Work required
Every entry must be given again exactly. Include no pictures.

Supplied entries
▬▬▬▬▬▬
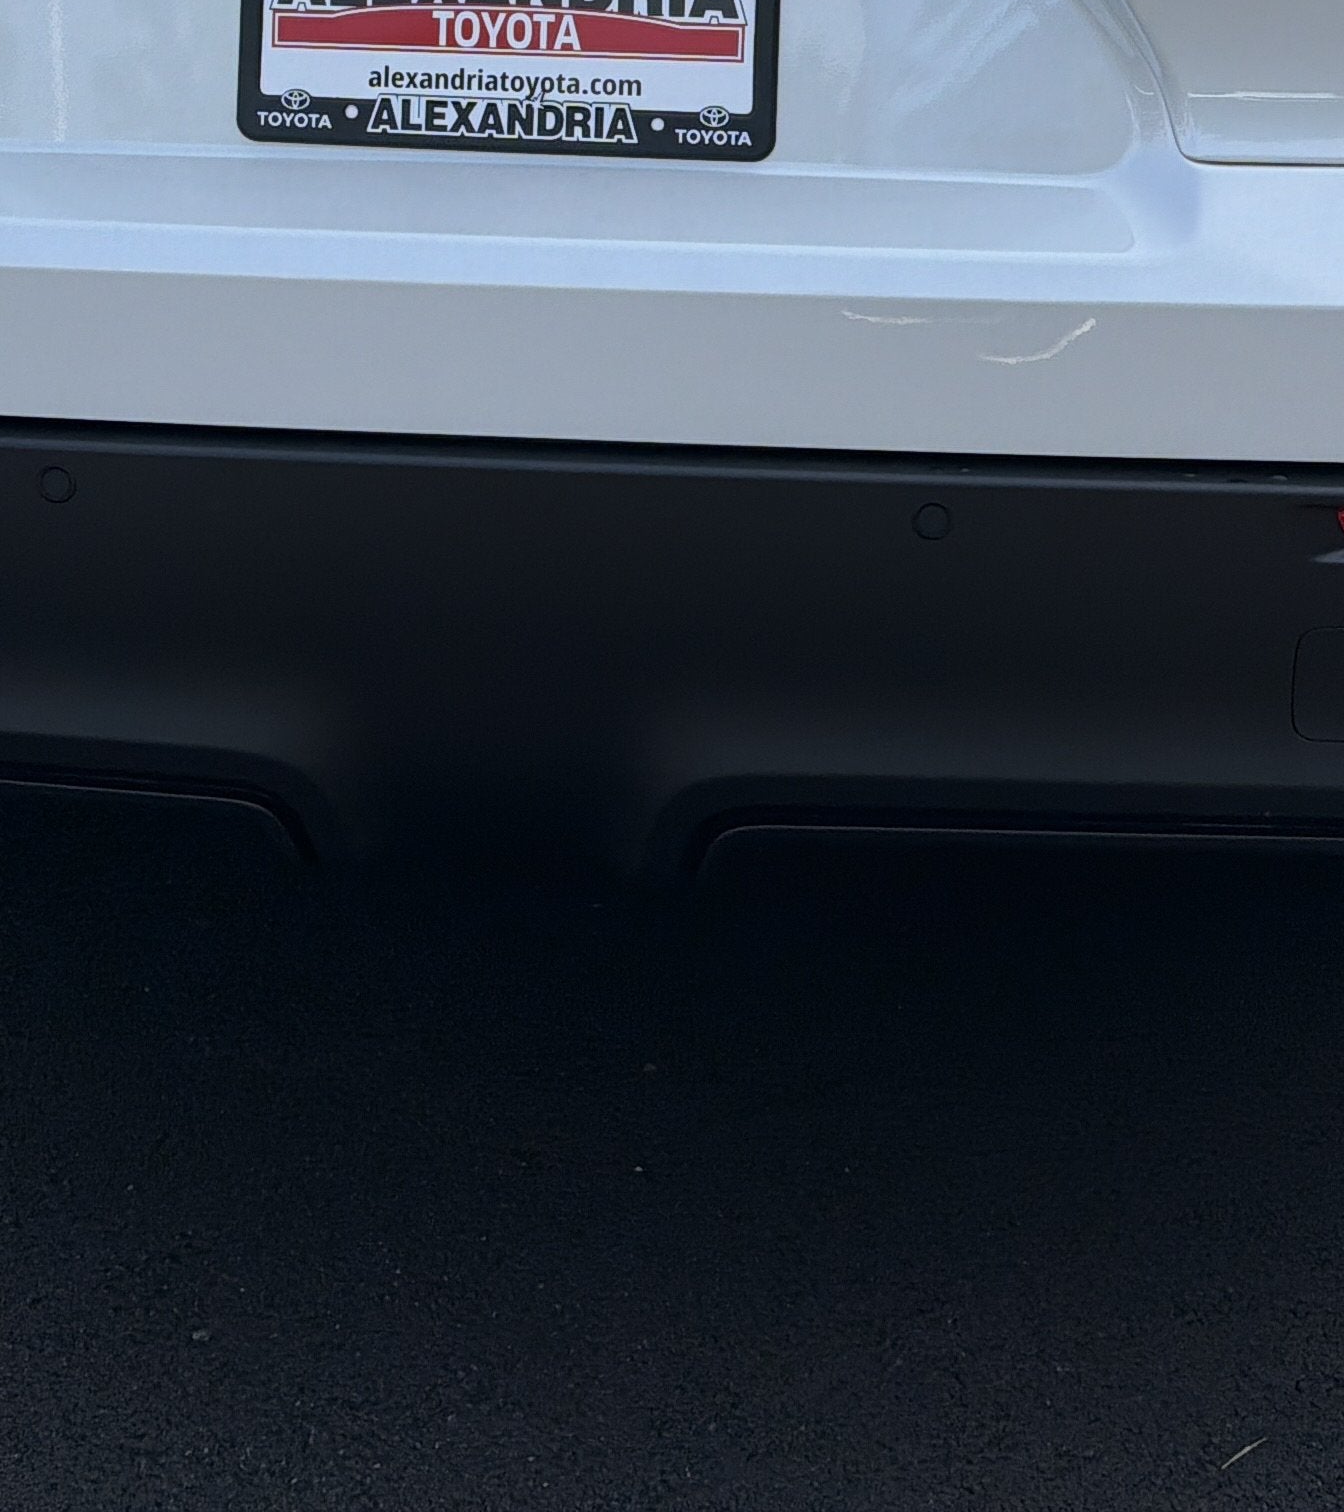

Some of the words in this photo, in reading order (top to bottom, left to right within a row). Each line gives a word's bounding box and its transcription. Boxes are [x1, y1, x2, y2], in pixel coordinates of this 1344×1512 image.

[432, 9, 582, 52] TOYOTA
[368, 65, 643, 97] alexandriatoyota.com
[257, 111, 332, 131] TOYOTA
[367, 94, 638, 144] ALEXANDRIA
[674, 128, 752, 147] TOYOTA
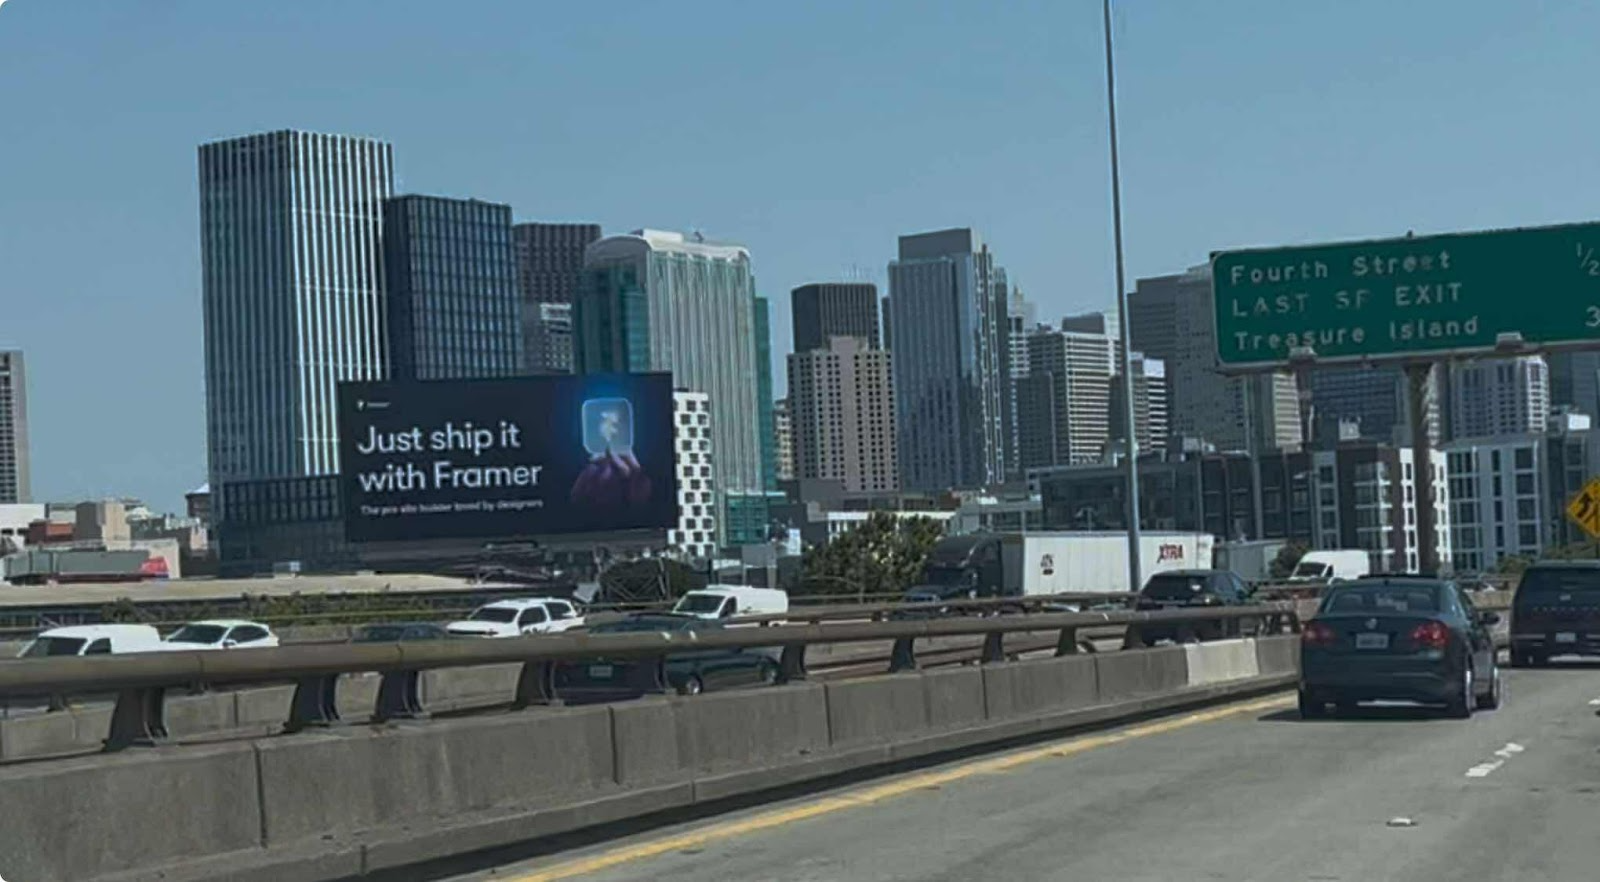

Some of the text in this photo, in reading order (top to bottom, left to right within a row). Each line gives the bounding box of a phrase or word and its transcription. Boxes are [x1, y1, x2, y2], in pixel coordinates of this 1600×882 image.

[1230, 250, 1450, 286] Fourth Street
[1232, 281, 1462, 317] LAST SF EXIT
[1234, 315, 1479, 350] Treasure Island
[358, 421, 520, 456] Just ship it
[358, 459, 543, 492] with Framer
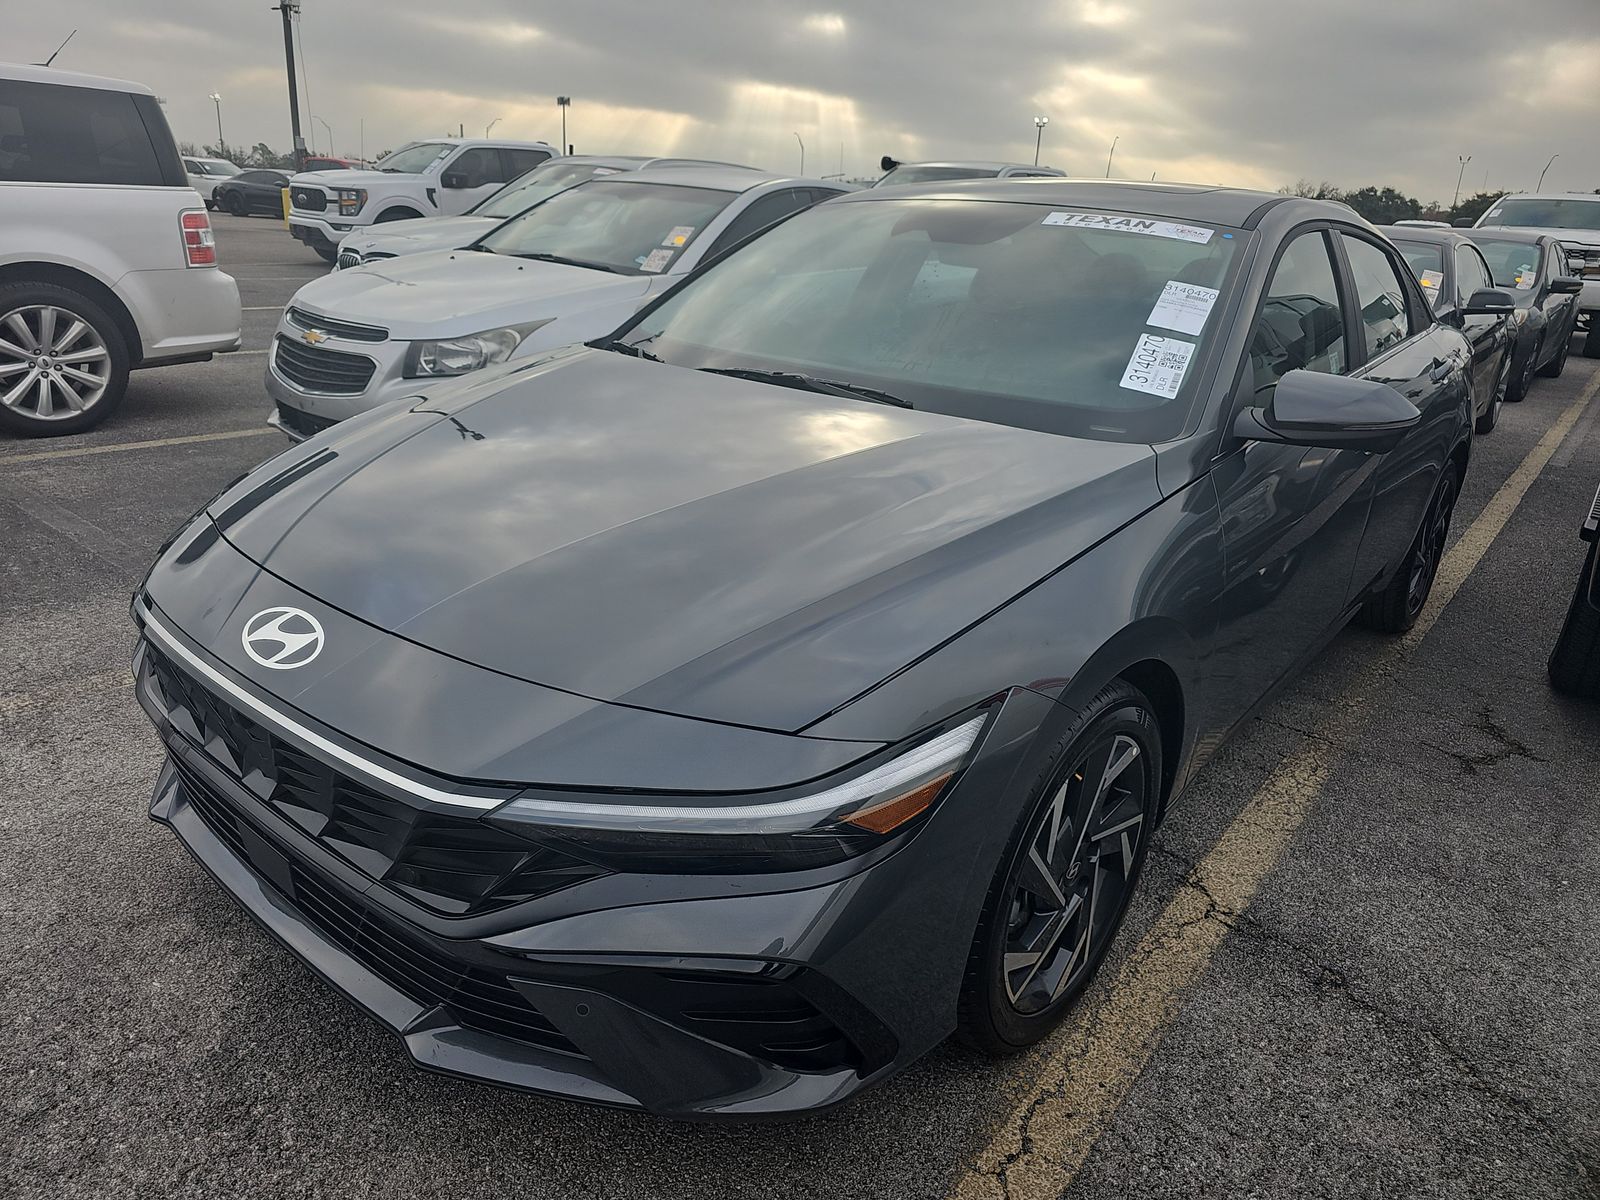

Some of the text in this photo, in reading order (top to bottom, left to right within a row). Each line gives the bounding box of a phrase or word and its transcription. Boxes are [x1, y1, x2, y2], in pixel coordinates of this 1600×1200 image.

[1066, 213, 1156, 229] TEXAN
[1165, 284, 1216, 300] 3140470
[1129, 334, 1165, 384] 3140470
[1155, 376, 1168, 391] DLR
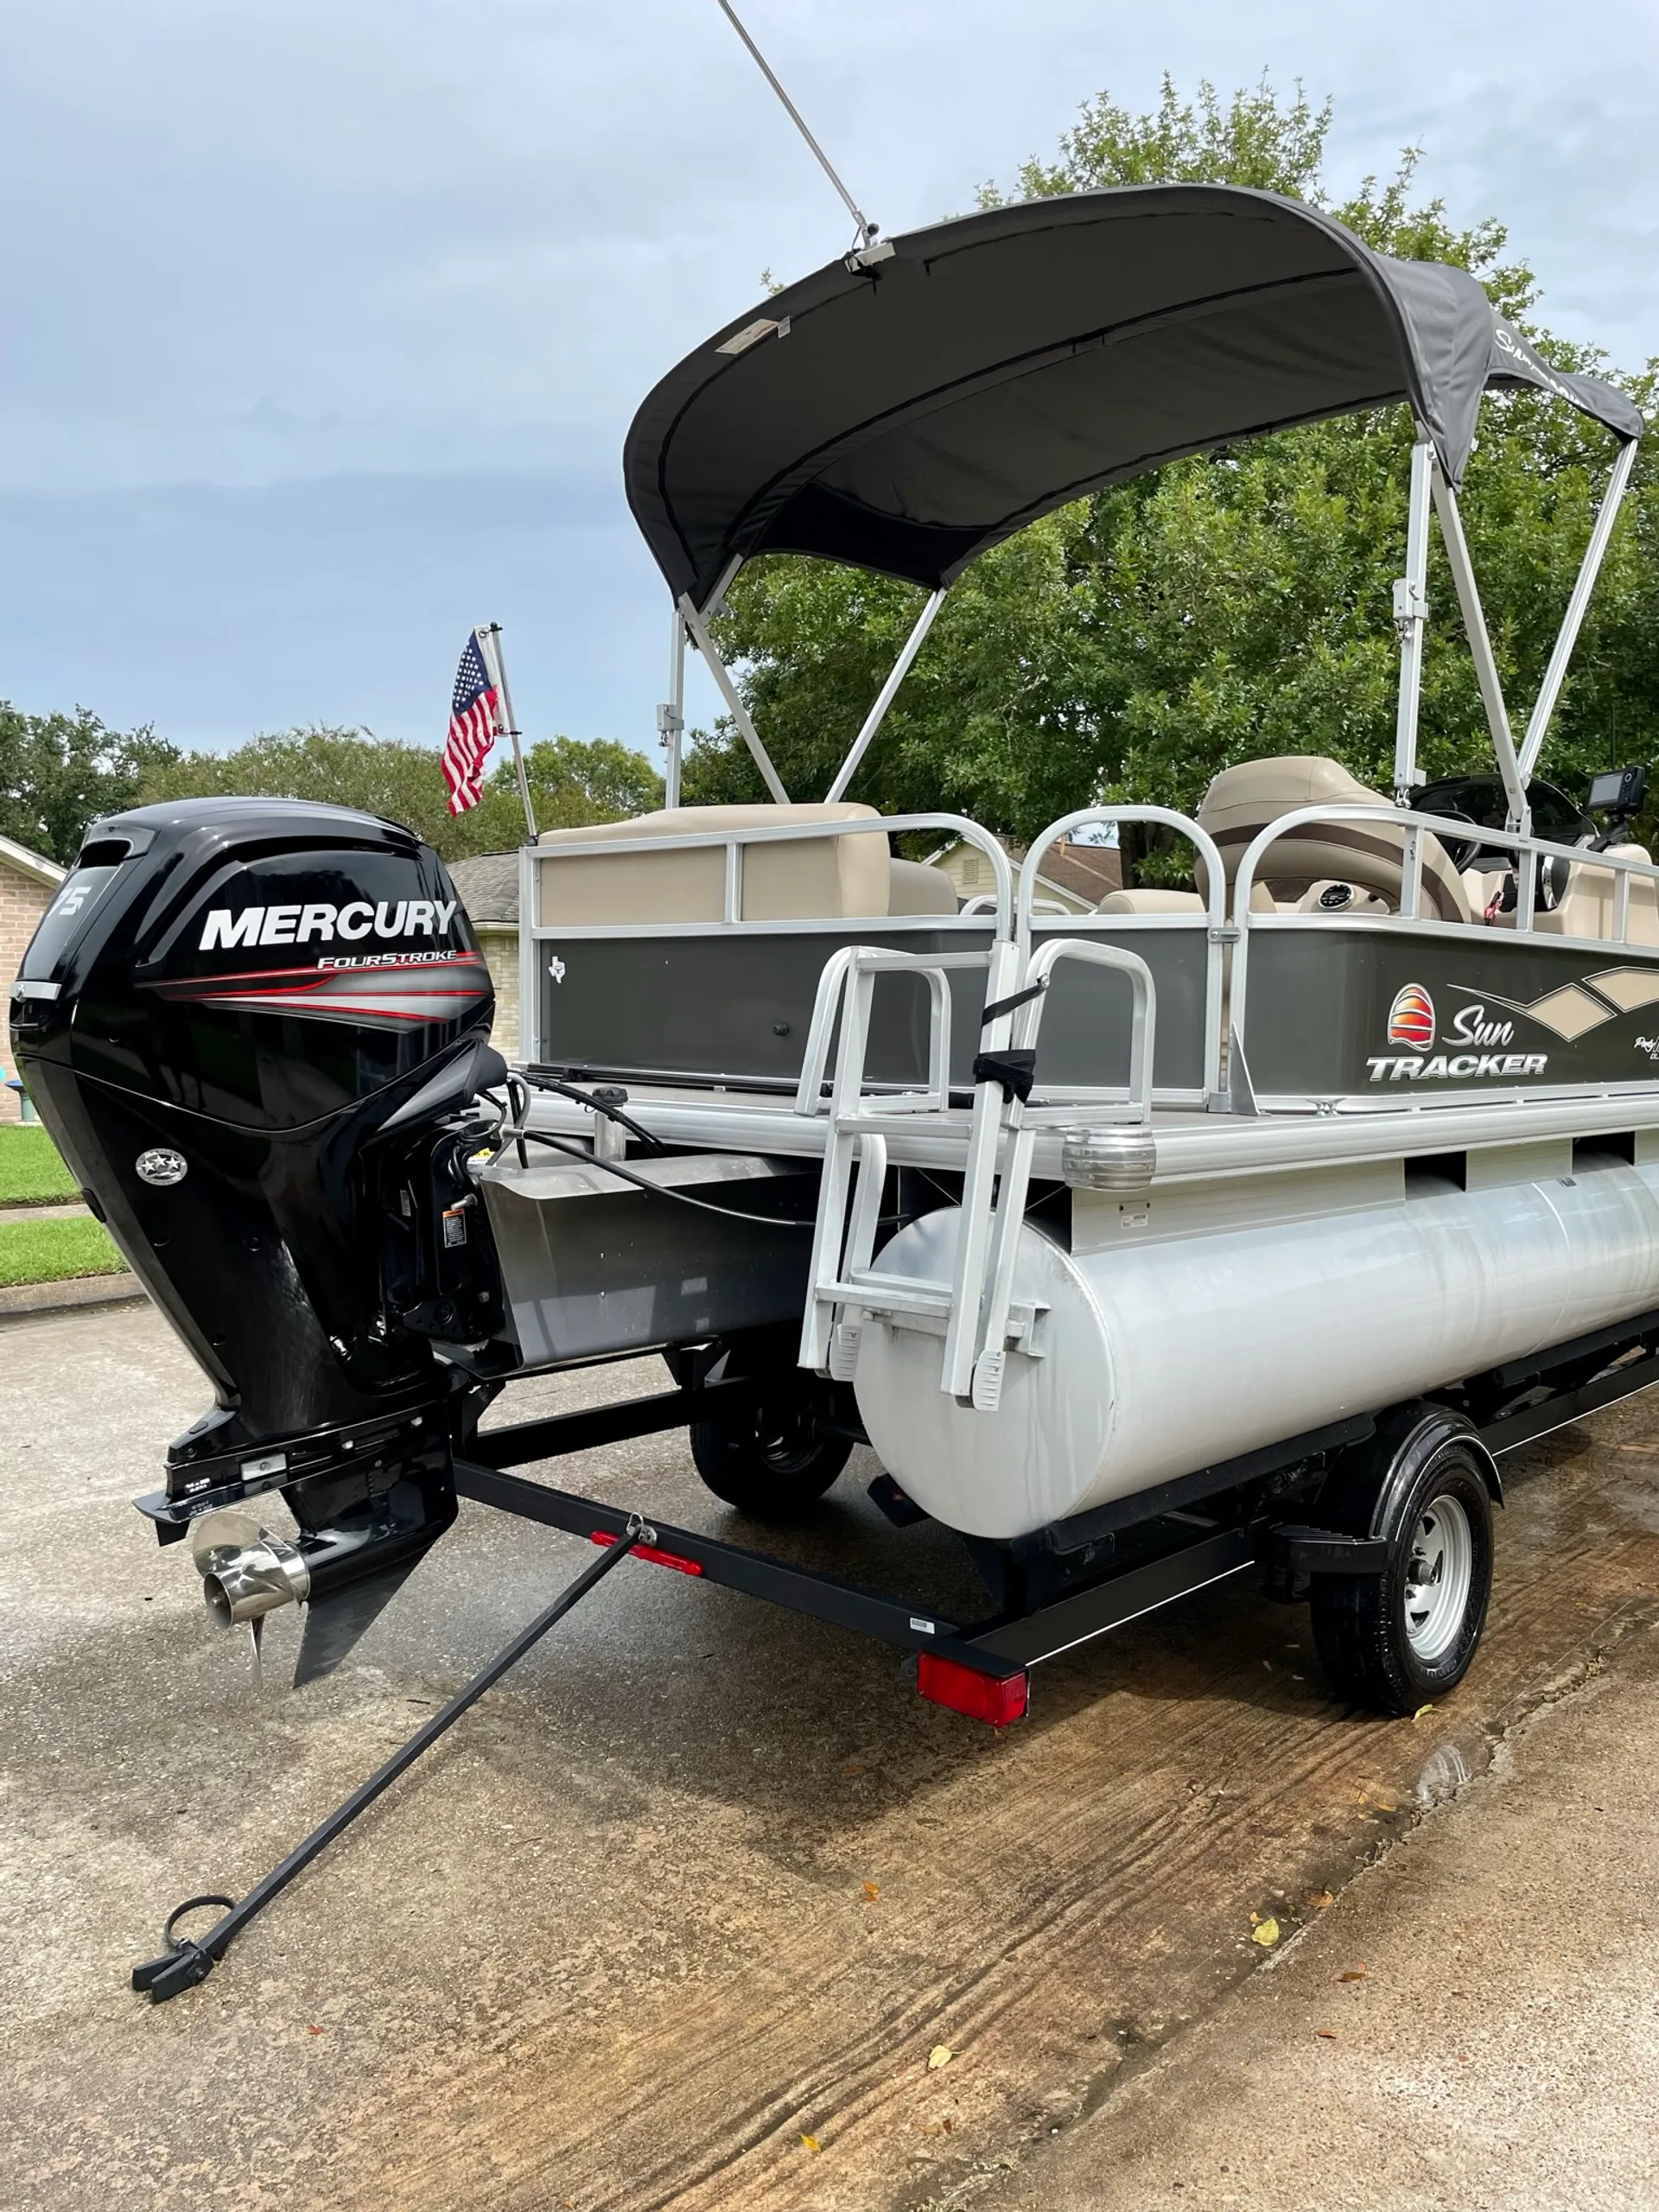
▬▬▬▬▬▬
Reply to the task
Some of the words in this photo, in reading order (top to bottom, left to right within a row). Each line gives a word's bounding box and its transcription. Boxes are [x1, y1, x2, y2], in pixel coordinates of this 1344×1512 image.

[432, 9, 582, 52] TOYOTA
[368, 65, 643, 97] alexandriatoyota.com
[257, 111, 332, 131] TOYOTA
[367, 94, 638, 144] ALEXANDRIA
[674, 128, 752, 147] TOYOTA

Some of the text in this photo, in reading order (top to bottom, left to right within a row). Each line gives the bounding box of a phrase or word and its transcription. Boxes are [x1, y1, x2, y2], in pixel coordinates of this 1600×882 image.

[1230, 250, 1450, 286] Fourth Street
[1232, 281, 1462, 317] LAST SF EXIT
[1234, 315, 1479, 350] Treasure Island
[358, 421, 520, 456] Just ship it
[358, 459, 543, 492] with Framer

Some of the text in this photo, in reading order (top to bottom, left to right within a row). Each line gives the bounding box of a phrase or word and its transcription. Boxes are [x1, y1, x2, y2], in pixel coordinates of this 1600×1200 image.

[1066, 213, 1156, 229] TEXAN
[1165, 284, 1216, 300] 3140470
[1129, 334, 1165, 384] 3140470
[1155, 376, 1168, 391] DLR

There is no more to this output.